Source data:
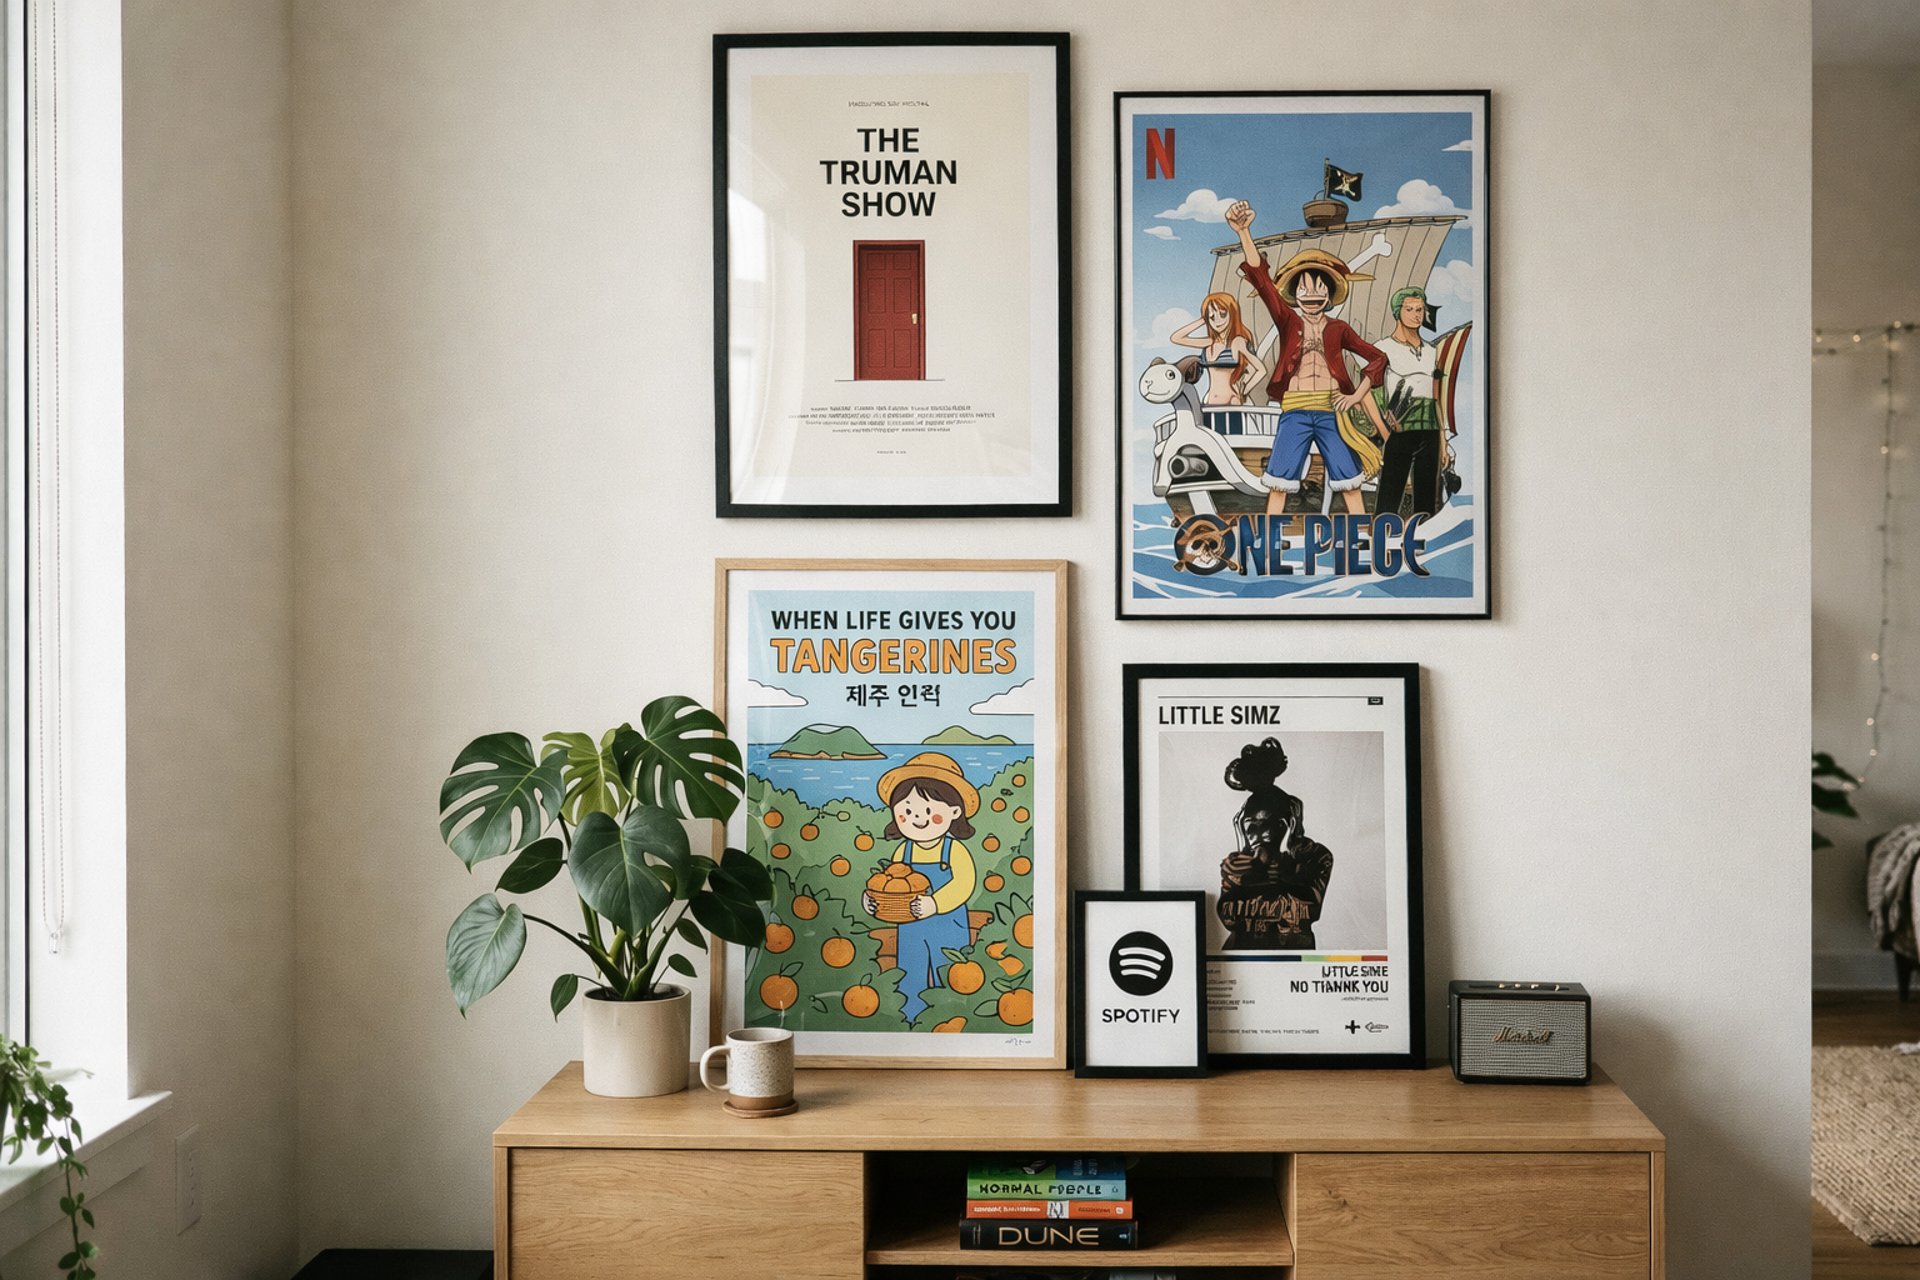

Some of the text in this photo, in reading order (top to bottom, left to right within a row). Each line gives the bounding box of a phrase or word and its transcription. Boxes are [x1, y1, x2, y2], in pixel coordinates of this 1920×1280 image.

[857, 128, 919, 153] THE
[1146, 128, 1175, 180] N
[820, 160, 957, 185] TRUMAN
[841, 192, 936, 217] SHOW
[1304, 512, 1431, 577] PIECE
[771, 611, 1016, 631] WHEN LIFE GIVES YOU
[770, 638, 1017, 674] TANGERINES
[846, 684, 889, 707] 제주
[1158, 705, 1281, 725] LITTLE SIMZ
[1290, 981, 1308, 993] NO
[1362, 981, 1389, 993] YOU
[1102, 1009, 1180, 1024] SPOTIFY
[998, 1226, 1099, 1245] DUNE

◆ **TASK DESCRIPTION**: The records above need to be printed in full and exactly, without any of the pictures.

◆ **RESULT OF THIS TASK**:
Some of the text in this photo, in reading order (top to bottom, left to right within a row). Each line gives the bounding box of a phrase or word and its transcription. Boxes are [x1, y1, x2, y2], in pixel coordinates of this 1920×1280 image.

[857, 128, 919, 153] THE
[1146, 128, 1175, 180] N
[820, 160, 957, 185] TRUMAN
[841, 192, 936, 217] SHOW
[1304, 512, 1431, 577] PIECE
[771, 611, 1016, 631] WHEN LIFE GIVES YOU
[770, 638, 1017, 674] TANGERINES
[846, 684, 889, 707] 제주
[1158, 705, 1281, 725] LITTLE SIMZ
[1290, 981, 1308, 993] NO
[1362, 981, 1389, 993] YOU
[1102, 1009, 1180, 1024] SPOTIFY
[998, 1226, 1099, 1245] DUNE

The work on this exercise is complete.